■ **Your assignment**
Without carrying over a single picture, write out the records below exactly.

■ **Source records**
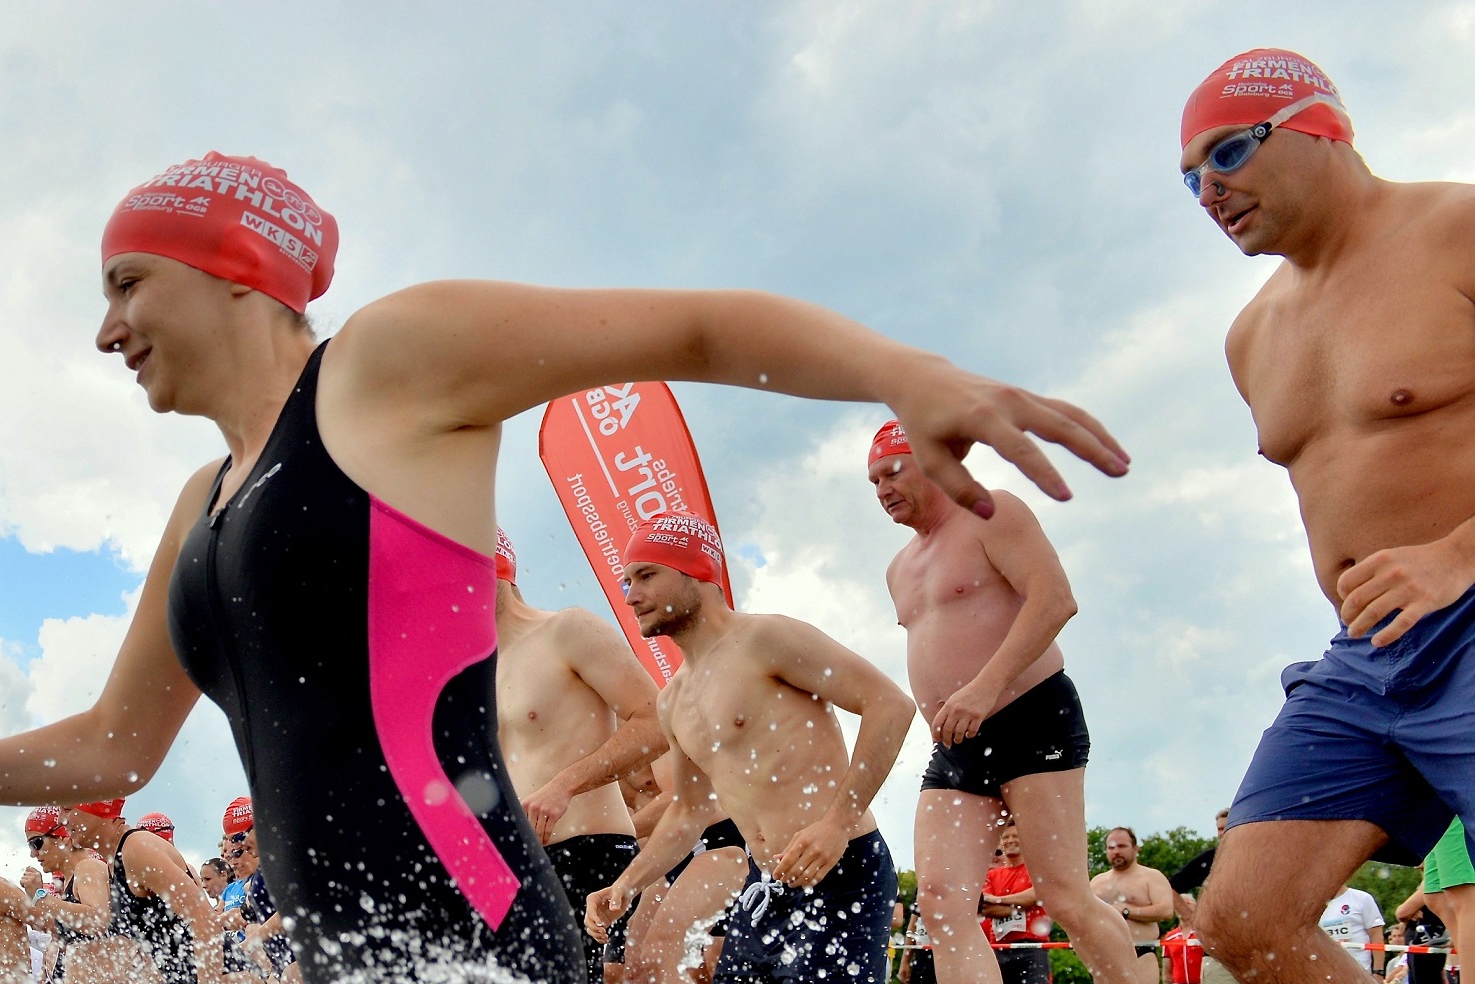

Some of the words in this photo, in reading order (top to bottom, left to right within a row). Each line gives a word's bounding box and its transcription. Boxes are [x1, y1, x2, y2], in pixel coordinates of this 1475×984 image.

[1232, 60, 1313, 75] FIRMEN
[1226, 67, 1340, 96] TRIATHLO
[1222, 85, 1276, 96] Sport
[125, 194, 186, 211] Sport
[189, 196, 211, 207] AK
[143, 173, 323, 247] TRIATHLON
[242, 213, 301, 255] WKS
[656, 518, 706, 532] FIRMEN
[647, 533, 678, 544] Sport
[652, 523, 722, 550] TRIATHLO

■ **Task result**
Some of the words in this photo, in reading order (top to bottom, left to right within a row). Each line gives a word's bounding box and its transcription. Boxes are [x1, y1, x2, y2], in pixel coordinates of this 1475×984 image.

[1232, 60, 1313, 75] FIRMEN
[1226, 67, 1340, 96] TRIATHLO
[1222, 85, 1276, 96] Sport
[125, 194, 186, 211] Sport
[189, 196, 211, 207] AK
[143, 173, 323, 247] TRIATHLON
[242, 213, 301, 255] WKS
[656, 518, 706, 532] FIRMEN
[647, 533, 678, 544] Sport
[652, 523, 722, 550] TRIATHLO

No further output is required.